Alex Elder March 26, 2014, 11:13 a.m. UTC | #1
On 03/26/2014 12:00 AM, Alex Elder wrote:
> I think I've got it.  I'll explain, and we'll have to look at
> the explanation more closely in the morning.
> 
> Bottom line is that I think the assertion is bogus.  Like
> the other assertion that was not done under protection of
> a lock, this one is being done in a way that's not safe.
> 
> First, here's a patch that I think might avoid the problem:
> 
> ----------------------------------
> Index: b/drivers/block/rbd.c
> ===================================================================
> --- a/drivers/block/rbd.c
> +++ b/drivers/block/rbd.c
> @@ -2130,9 +2130,8 @@ static void rbd_img_obj_callback(struct
>  	rbd_assert(which < img_request->obj_request_count);
> 
>  	spin_lock_irq(&img_request->completion_lock);
> -	if (which > img_request->next_completion)
> +	if (which != img_request->next_completion)
>  		goto out;
> -	rbd_assert(which == img_request->next_completion);
> 
>  	for_each_obj_request_from(img_request, obj_request) {
>  		rbd_assert(more);
> ----------------------------------


After some sleep (though not a lot), I remain convinced
the above will fix the problem, for now.  But it's not
quite enough.

The problem arises out of the fact that the thread of
control that marks an object request done is not necessarily
the thread of control that processing the completion of
that object (nor its associated image) request.  There are
no duplicate requests and no duplicate responses.

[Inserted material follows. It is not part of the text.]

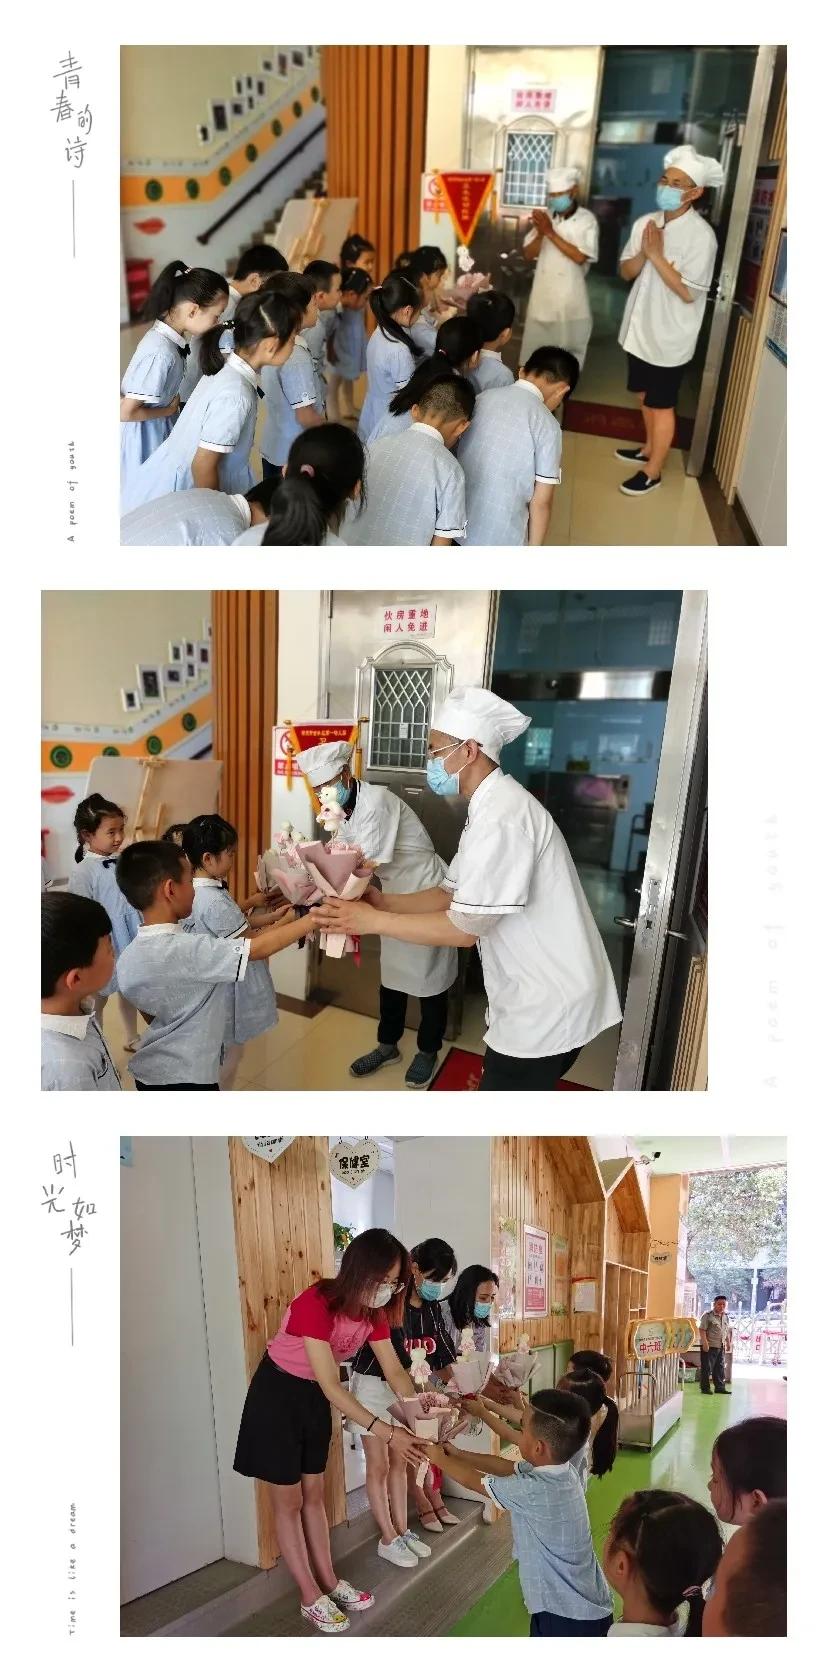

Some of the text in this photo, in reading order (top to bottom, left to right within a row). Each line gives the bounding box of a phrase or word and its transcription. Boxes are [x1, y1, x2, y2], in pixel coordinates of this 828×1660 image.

Object request completions are handled sequentially, based
on the range of address space involved in the requests.
This is the model required by the Linux blk_end_request()
interface.  Let's assume we have a single image request
that has two contiguous object requests, with the "lower"
object request involving bytes ending at the point the
"higher" one begins.

These object requests can be completed by their OSDs in
any order, and we will handle their completion in the
order their acknowledgement is received.  If we process
the higher request's acknowledgement first, that will
be the first to enter rbd_img_obj_callback().  Since
we will not have completed the lower one yet, nothing
more is done.

When the lower object request completes, it will enter
rbd_img_obj_callback() and find that it *is* the
next one we want completed.  So we'll enter a loop
that calls rbd_img_obj_end_request() on this request,
followed by its successor, doing completion processing
on any request that has by now been marked done.  In
the case I've described, the higher request will be
marked done, so it is here that its completion processing
is performed.

Once the last object request has been completed, we
call rbd_img_request_complete(), which will ultimately
lead to dropping a reference on the image request,
which leads to rbd_img_request_destroy().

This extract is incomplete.